• _EXERCISE_
Your answer must be an exact copy of the records below.

• _SUPPLIED ENTRIES_
---

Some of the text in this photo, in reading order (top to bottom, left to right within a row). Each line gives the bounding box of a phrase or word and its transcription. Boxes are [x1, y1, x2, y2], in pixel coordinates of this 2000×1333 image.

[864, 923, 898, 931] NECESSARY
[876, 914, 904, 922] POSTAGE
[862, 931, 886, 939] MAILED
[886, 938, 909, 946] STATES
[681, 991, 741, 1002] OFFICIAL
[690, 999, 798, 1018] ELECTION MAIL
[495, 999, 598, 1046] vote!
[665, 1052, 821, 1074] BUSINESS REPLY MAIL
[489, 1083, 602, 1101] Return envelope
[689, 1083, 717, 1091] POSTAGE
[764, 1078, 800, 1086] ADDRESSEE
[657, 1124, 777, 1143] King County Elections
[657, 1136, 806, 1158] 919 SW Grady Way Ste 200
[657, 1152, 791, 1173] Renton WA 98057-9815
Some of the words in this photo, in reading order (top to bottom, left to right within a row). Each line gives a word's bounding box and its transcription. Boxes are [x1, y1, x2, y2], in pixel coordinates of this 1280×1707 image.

---

• _SOLUTION TO THE EXERCISE_
Some of the text in this photo, in reading order (top to bottom, left to right within a row). Each line gives the bounding box of a phrase or word and its transcription. Boxes are [x1, y1, x2, y2], in pixel coordinates of this 2000×1333 image.

[864, 923, 898, 931] NECESSARY
[876, 914, 904, 922] POSTAGE
[862, 931, 886, 939] MAILED
[886, 938, 909, 946] STATES
[681, 991, 741, 1002] OFFICIAL
[690, 999, 798, 1018] ELECTION MAIL
[495, 999, 598, 1046] vote!
[665, 1052, 821, 1074] BUSINESS REPLY MAIL
[489, 1083, 602, 1101] Return envelope
[689, 1083, 717, 1091] POSTAGE
[764, 1078, 800, 1086] ADDRESSEE
[657, 1124, 777, 1143] King County Elections
[657, 1136, 806, 1158] 919 SW Grady Way Ste 200
[657, 1152, 791, 1173] Renton WA 98057-9815
Some of the words in this photo, in reading order (top to bottom, left to right within a row). Each line gives a word's bounding box and its transcription. Boxes are [x1, y1, x2, y2], in pixel coordinates of this 1280×1707 image.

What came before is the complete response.